(Annotated photo localization data)
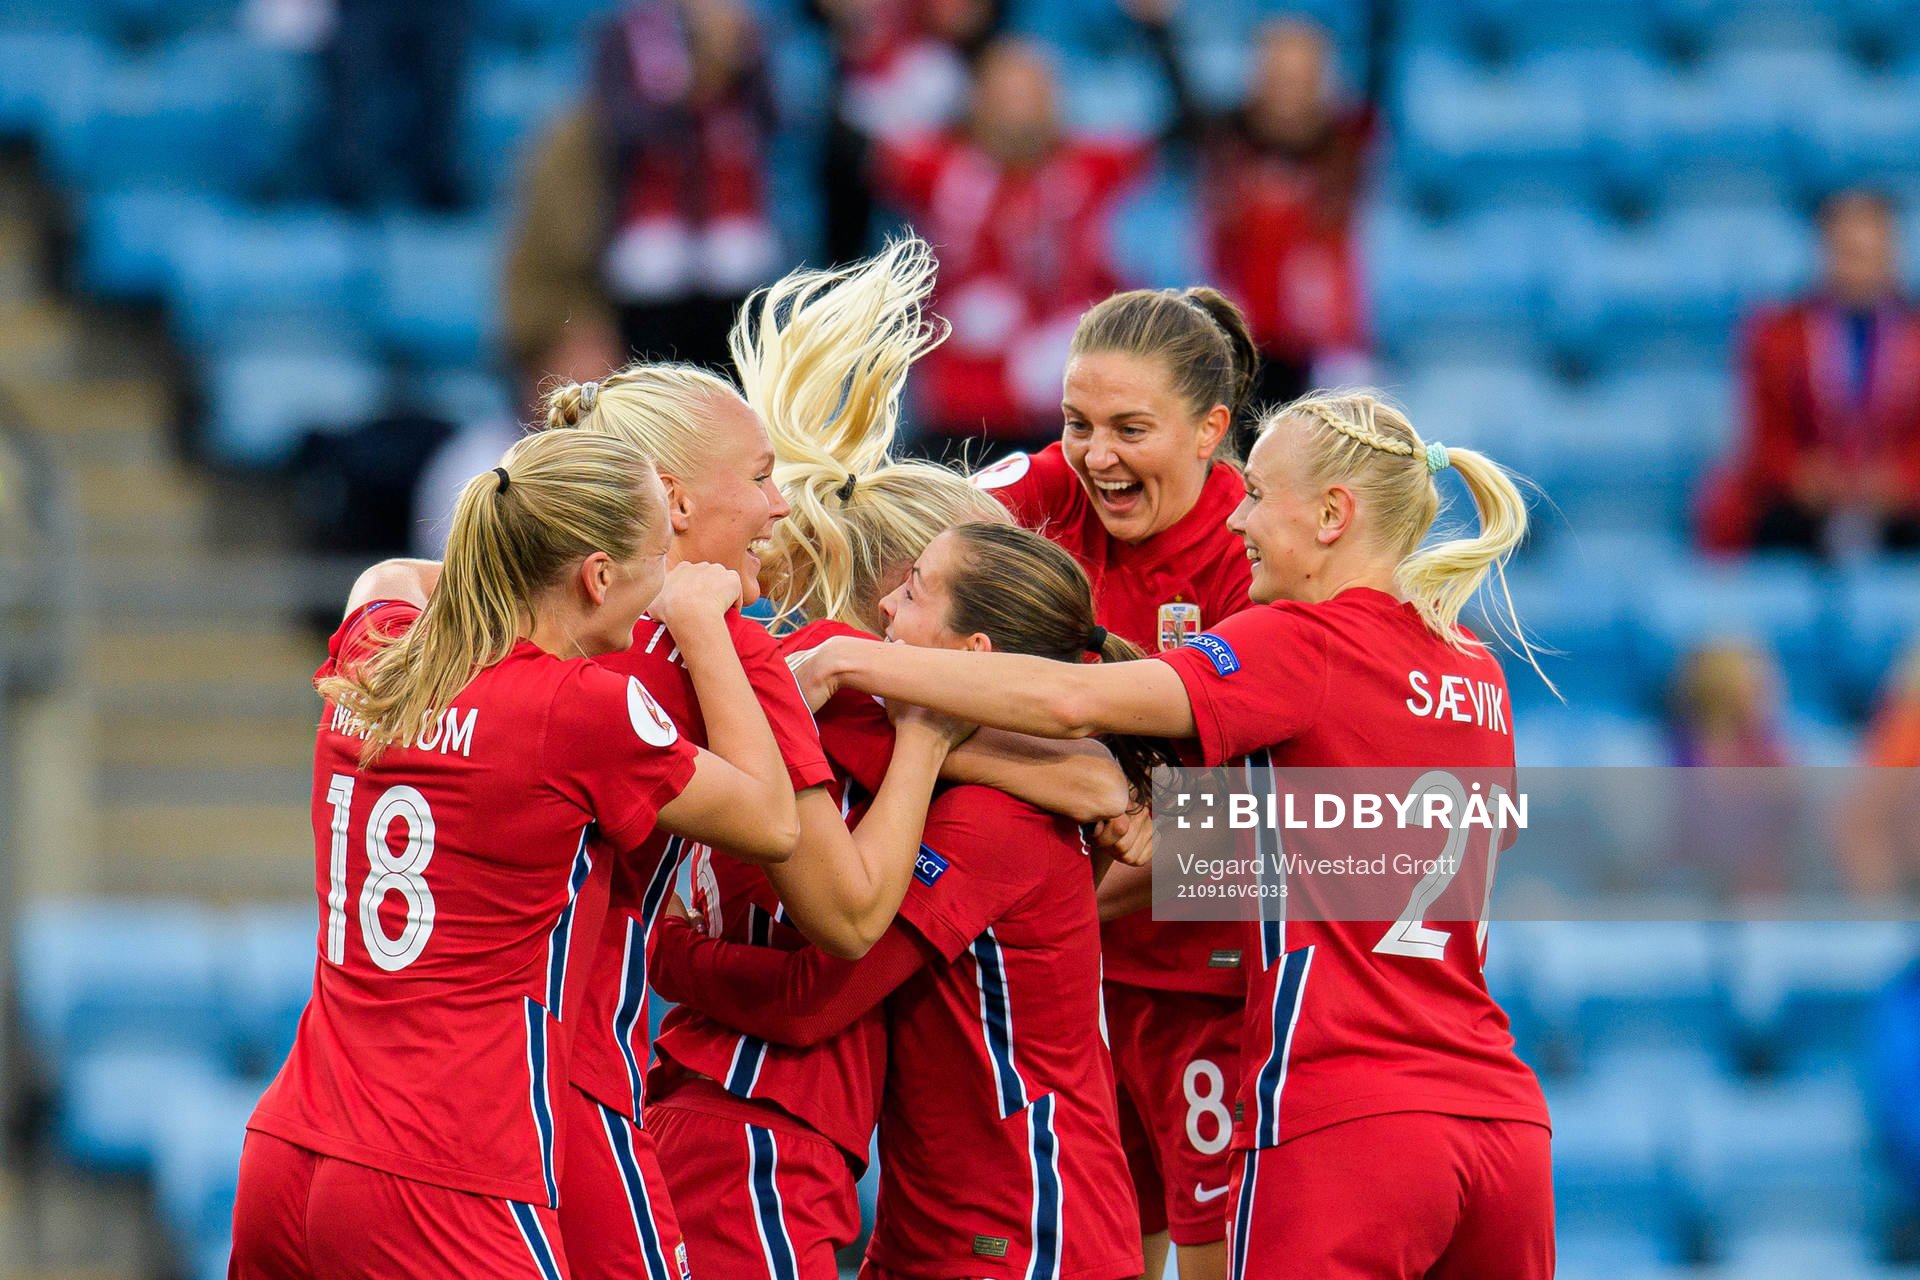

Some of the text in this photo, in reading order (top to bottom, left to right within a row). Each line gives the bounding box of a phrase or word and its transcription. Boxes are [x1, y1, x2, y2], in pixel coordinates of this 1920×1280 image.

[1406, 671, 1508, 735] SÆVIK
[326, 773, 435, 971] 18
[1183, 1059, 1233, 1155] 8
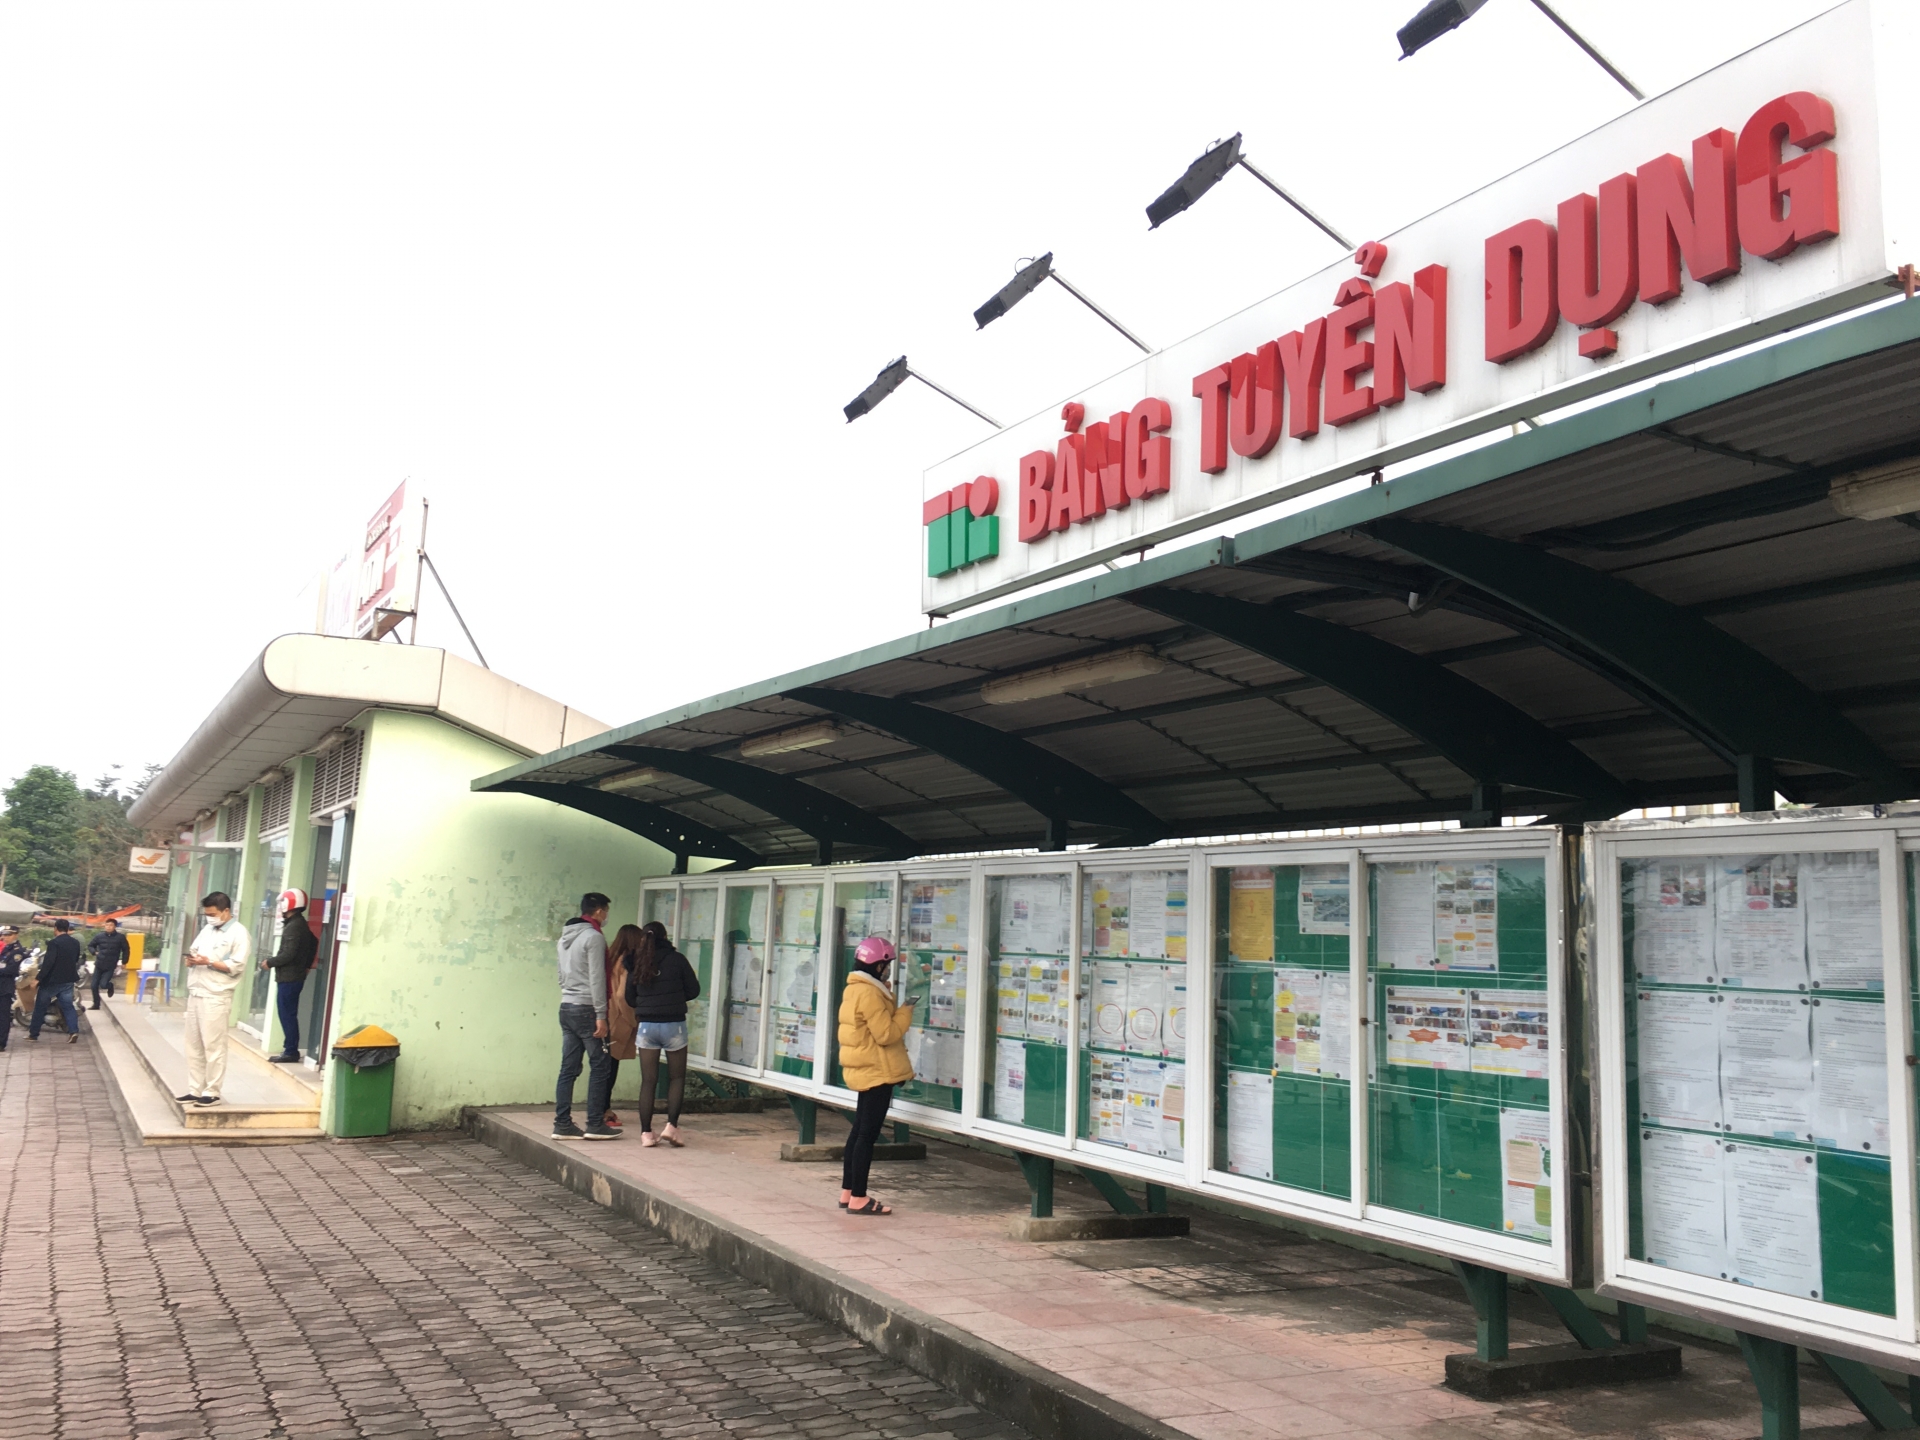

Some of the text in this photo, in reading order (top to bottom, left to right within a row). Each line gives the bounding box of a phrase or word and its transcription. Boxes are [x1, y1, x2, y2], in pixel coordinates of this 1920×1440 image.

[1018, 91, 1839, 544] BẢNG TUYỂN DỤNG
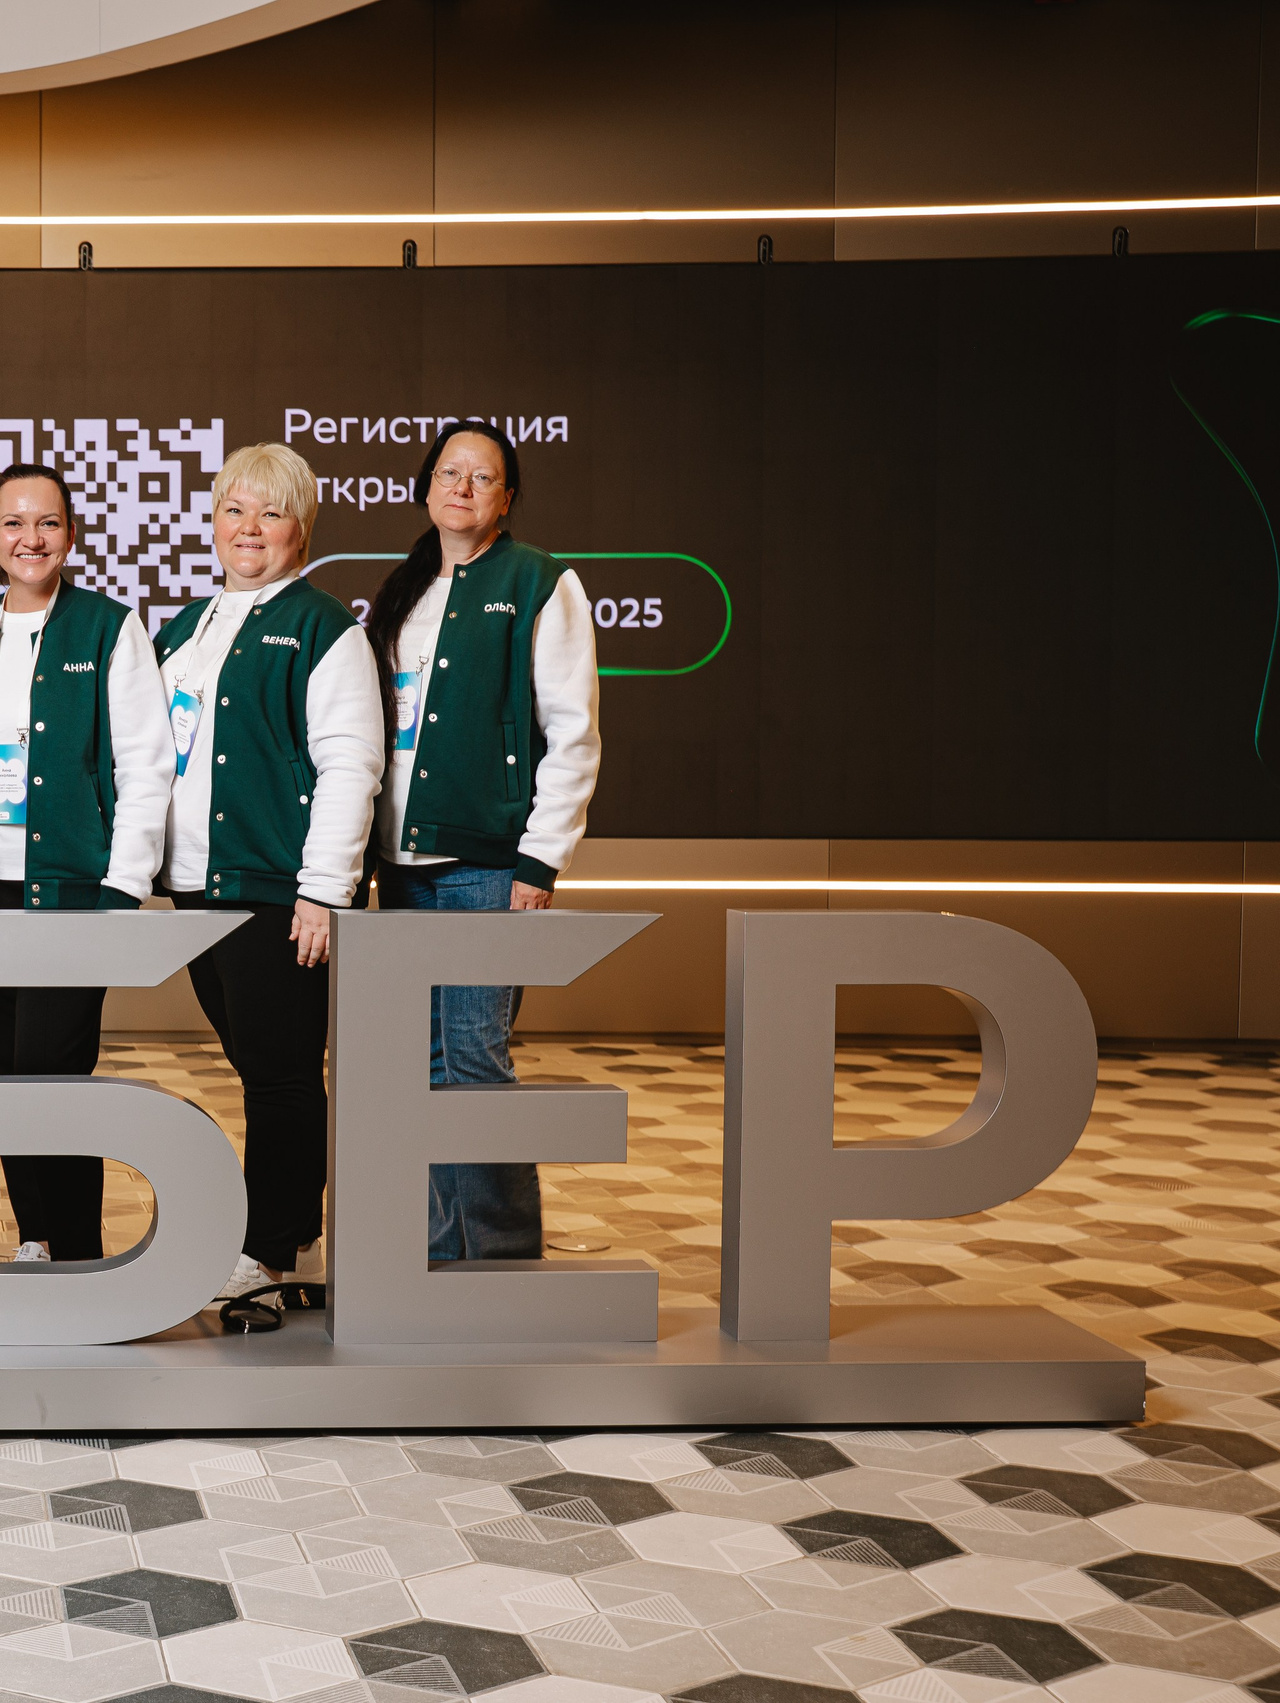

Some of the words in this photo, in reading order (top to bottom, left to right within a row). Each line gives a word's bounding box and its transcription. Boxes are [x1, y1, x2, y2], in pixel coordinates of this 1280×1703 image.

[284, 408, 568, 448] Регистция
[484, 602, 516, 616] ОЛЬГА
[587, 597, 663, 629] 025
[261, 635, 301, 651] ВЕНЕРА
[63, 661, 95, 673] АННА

### What to produce
The data above must be given back verbatim, minus its images.

### Problem solution
Some of the text in this photo, in reading order (top to bottom, left to right within a row). Each line gives the bounding box of a phrase or word and its transcription. Boxes are [x1, y1, x2, y2], in pixel coordinates of this 1920×1280 image.

[1406, 671, 1508, 735] SÆVIK
[326, 773, 435, 971] 18
[1183, 1059, 1233, 1155] 8

Some of the text in this photo, in reading order (top to bottom, left to right within a row). Each line gives the bounding box of a phrase or word and its transcription. Boxes are [x1, y1, x2, y2], in pixel coordinates of this 1920×1440 image.

[1018, 91, 1839, 544] BẢNG TUYỂN DỤNG

Some of the words in this photo, in reading order (top to bottom, left to right within a row). Each line gives a word's bounding box and its transcription. Boxes are [x1, y1, x2, y2], in pixel coordinates of this 1280×1703 image.

[284, 408, 568, 448] Регистция
[484, 602, 516, 616] ОЛЬГА
[587, 597, 663, 629] 025
[261, 635, 301, 651] ВЕНЕРА
[63, 661, 95, 673] АННА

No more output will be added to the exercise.